• _Task details_:
Would you mind restating all of the records word for word, skipping the pictures?

• _Images for object localization_:
════════════════
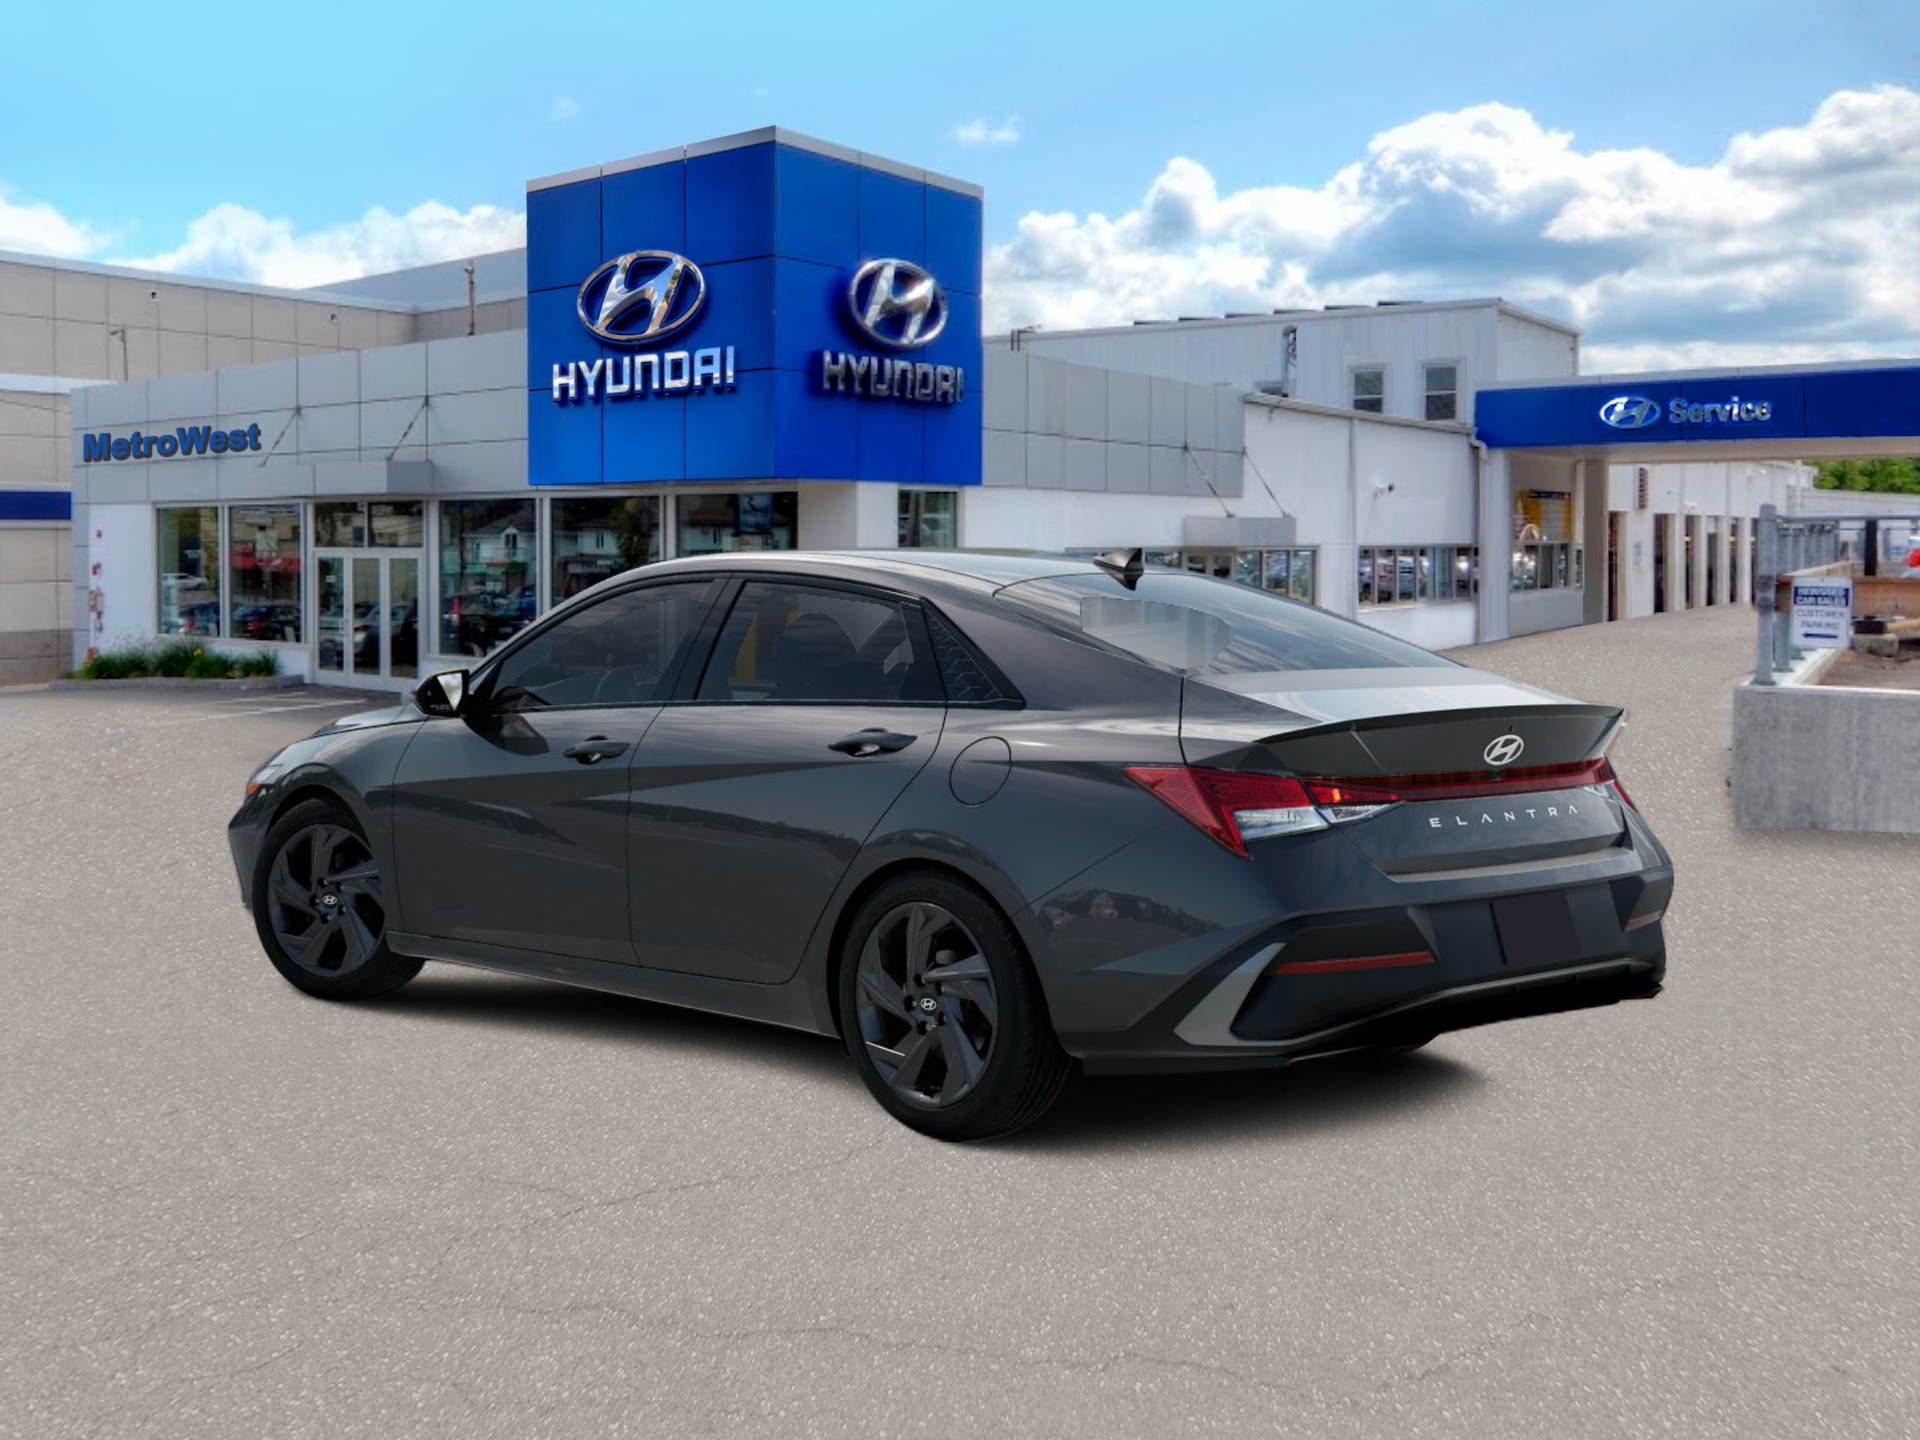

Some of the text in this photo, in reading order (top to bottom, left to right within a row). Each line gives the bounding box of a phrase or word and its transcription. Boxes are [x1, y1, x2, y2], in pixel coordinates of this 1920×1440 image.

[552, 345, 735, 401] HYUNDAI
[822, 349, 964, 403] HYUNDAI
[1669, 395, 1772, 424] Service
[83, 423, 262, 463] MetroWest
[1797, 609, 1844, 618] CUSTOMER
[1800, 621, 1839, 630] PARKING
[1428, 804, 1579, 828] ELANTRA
════════════════
• _Answer to this task_:
Some of the text in this photo, in reading order (top to bottom, left to right within a row). Each line gives the bounding box of a phrase or word and its transcription. Boxes are [x1, y1, x2, y2], in pixel coordinates of this 1920×1440 image.

[552, 345, 735, 401] HYUNDAI
[822, 349, 964, 403] HYUNDAI
[1669, 395, 1772, 424] Service
[83, 423, 262, 463] MetroWest
[1797, 609, 1844, 618] CUSTOMER
[1800, 621, 1839, 630] PARKING
[1428, 804, 1579, 828] ELANTRA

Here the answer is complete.